OpenAdaptAI / OpenAdapt

AI-First Process Automation with Large ([Language (LLMs) / Action (LAMs) / Multimodal (LMMs)] / Visual Language (VLMs)) Models
https://www.OpenAdapt.AI
MIT License
771 stars 104 forks source link

Explore Grounding Dino #288

Open abrichr opened 1 year ago

abrichr commented 1 year ago

Feature request

How can we take advantage of https://github.com/IDEA-Research/GroundingDINO ? How does it compare with SegmentAnything (https://github.com/MLDSAI/OpenAdapt/issues/15 / https://github.com/MLDSAI/OpenAdapt/blob/main/openadapt/strategies/mixins/sam.py ) ?

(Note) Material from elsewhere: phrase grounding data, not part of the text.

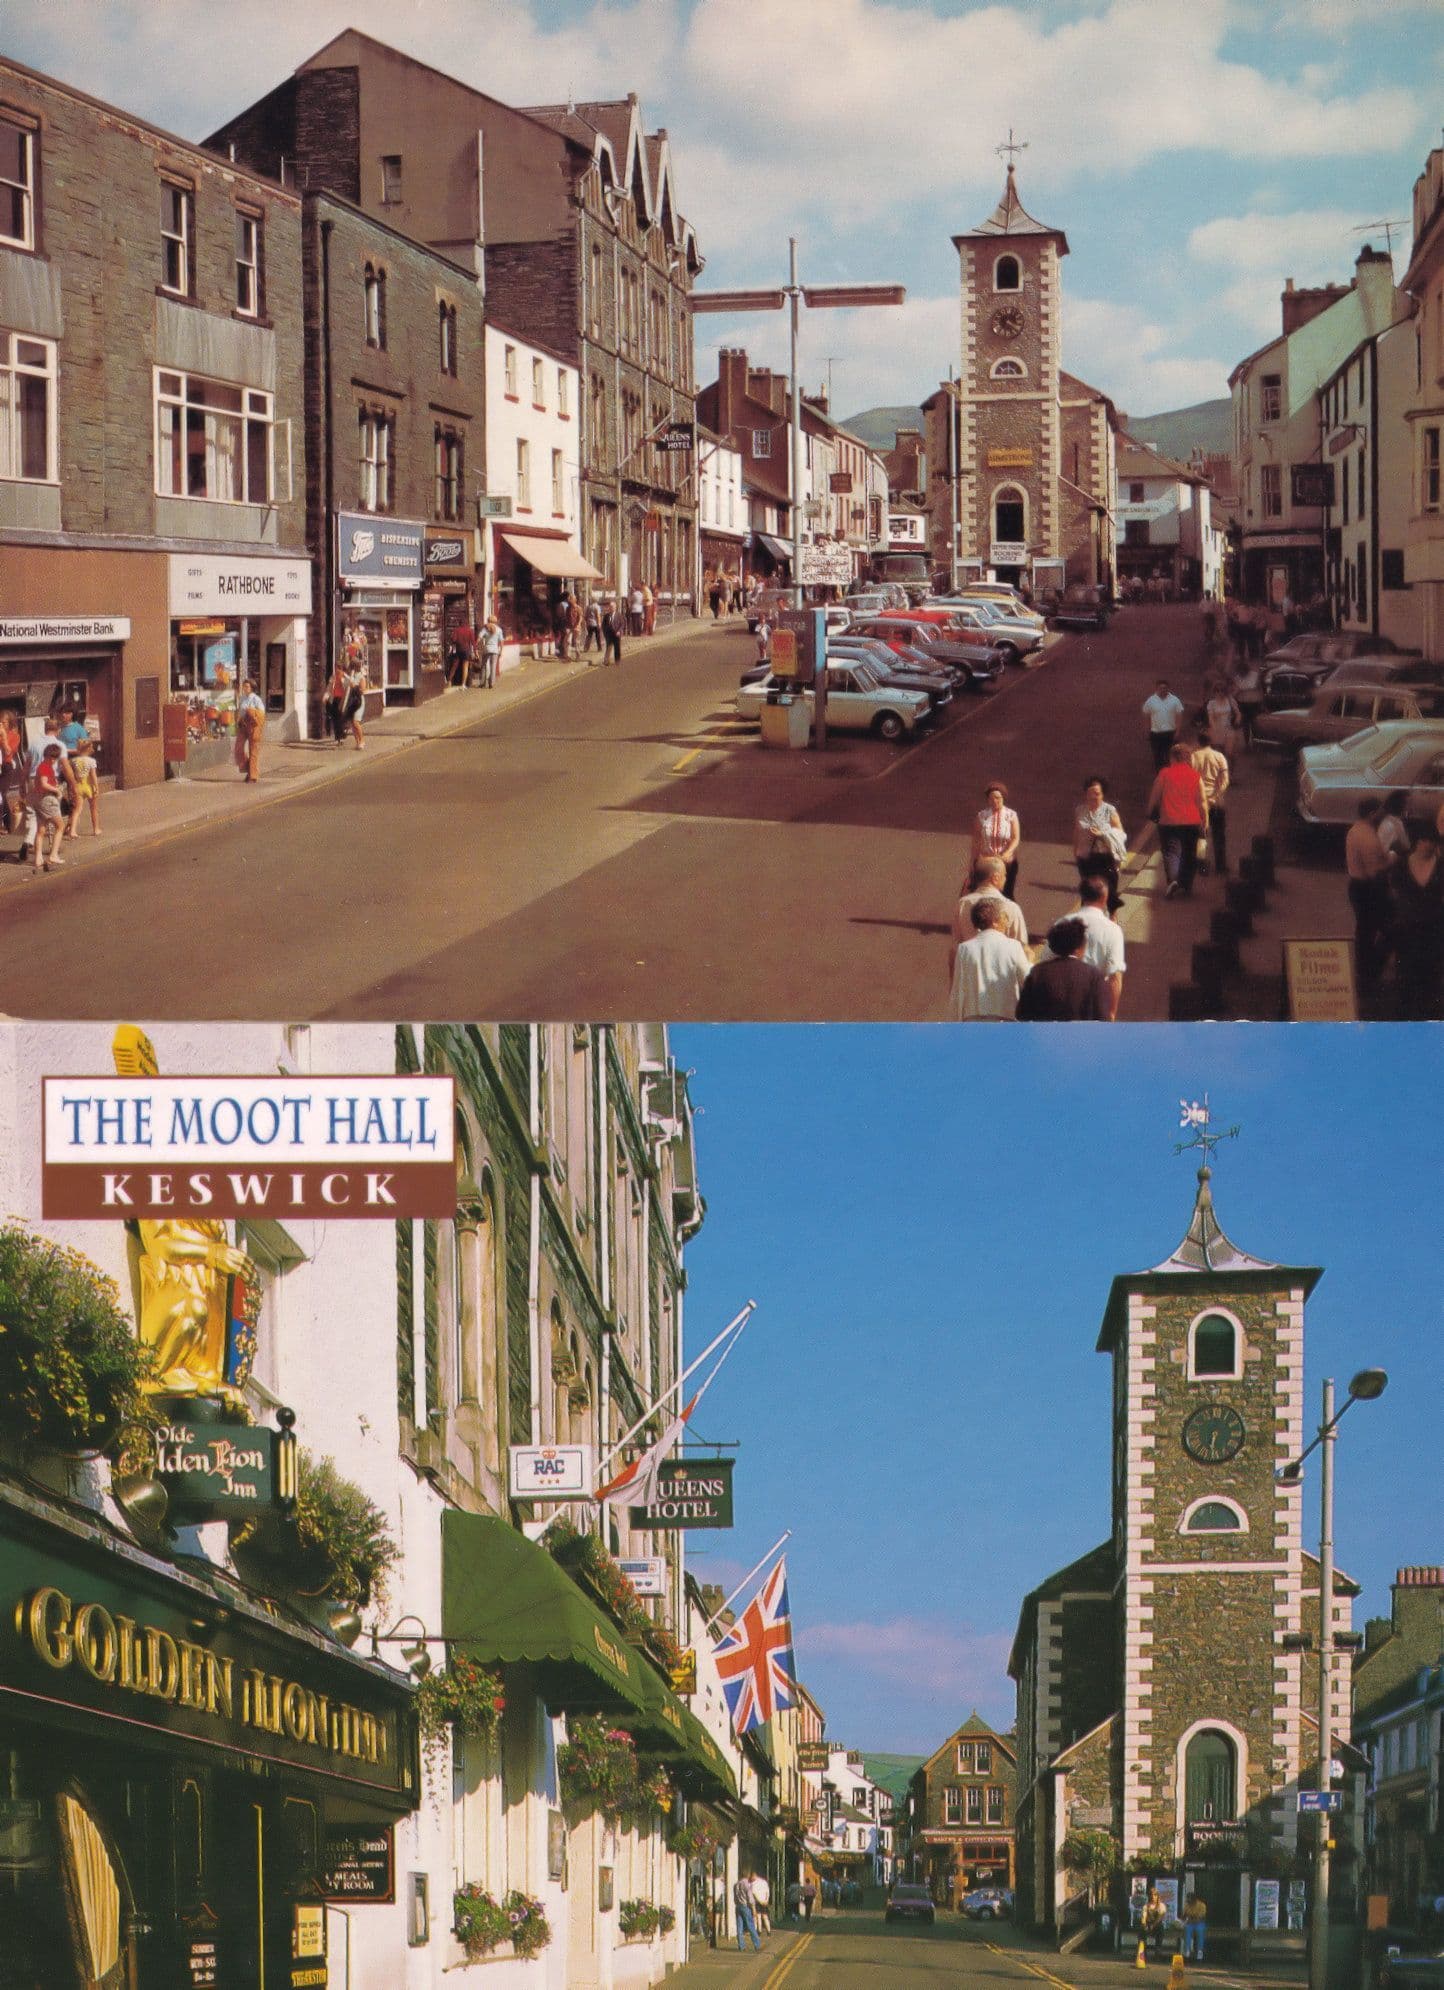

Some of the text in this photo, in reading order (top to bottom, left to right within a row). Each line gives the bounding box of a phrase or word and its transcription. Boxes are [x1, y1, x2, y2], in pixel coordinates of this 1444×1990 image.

[667, 441, 691, 449] HOTEL
[383, 554, 418, 567] CHEMISTS
[187, 568, 202, 577] GIFTS
[218, 575, 275, 595] RATHBONE
[187, 592, 203, 600] FILMS
[0, 622, 114, 638] National Westminster Bank
[208, 1439, 266, 1477] Lion
[533, 1459, 565, 1476] RAC
[219, 1477, 258, 1498] Inn
[657, 1479, 724, 1498] UEENS
[646, 1501, 718, 1519] HOTEL
[30, 1587, 388, 1764] GOLDEN LION INN
[1193, 1831, 1245, 1841] BOOKING
[334, 1871, 368, 1881] MEALS
[343, 1880, 375, 1890] ROOM

https://arxiv.org/abs/2303.05499

https://huggingface.co/spaces/ShilongLiu/Grounding_DINO_demo

Motivation

https://github.com/MLDSAI/OpenAdapt/pull/174#issuecomment-1595852156

FFFiend commented 1 year ago

Grounding DINO is trained on the COCO dataset which comprises largely of open-world-centric images. From what I tried out when I used the space, object classification for GUI screenshots was poor.

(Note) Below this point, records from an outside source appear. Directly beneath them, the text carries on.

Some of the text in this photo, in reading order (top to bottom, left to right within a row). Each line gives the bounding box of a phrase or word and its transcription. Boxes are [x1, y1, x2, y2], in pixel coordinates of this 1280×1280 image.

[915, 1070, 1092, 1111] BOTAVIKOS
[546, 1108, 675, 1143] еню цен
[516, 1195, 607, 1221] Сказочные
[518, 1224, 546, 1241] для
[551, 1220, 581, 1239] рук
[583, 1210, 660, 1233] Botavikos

FFFiend commented 1 year ago

Grounding Dino on GUI data

Screen Shot 2023-06-19 at 12 11 15 AM

Result:

Screen Shot 2023-06-19 at 12 13 00 AM

Steps to reproduce: I used default box and text threshold values, 0.25 each and "browser tab" as the detection prompt.

abrichr commented 1 year ago

@FFFiend that's not bad for a first try out of the box!

Can you please run this through some list of user interface component names? e.g. https://chat.openai.com/share/bcecf257-500e-446f-90ba-2ca5713de34d

FFFiend commented 1 year ago

Prompt: "window, tab, panel, menu, submenu, button, icon, text field, text area, search bar,logo" Here's a couple runs on the same image with their respective box and text threshold values:

image(2) Box: 0.25, Text: 0.25

image(3) Box: 0.125, Text: 0.125

Promising results! Although I imagine rate of wrongly classifying things is higher since the threshold values are halved.

image(4) Box: 0.0625, Text: 0.0625

image(5) Box: 0.092, Text: 0.092

abrichr commented 1 year ago

@FFFiend is it possible to modify the temperature, such that we can run inference multiple times expecting different results?

FFFiend commented 1 year ago

I searched around a few repos and couldn't find anything that enabled us to modify the temperature, no. Seems like text and box threshold are the only params they let us modify.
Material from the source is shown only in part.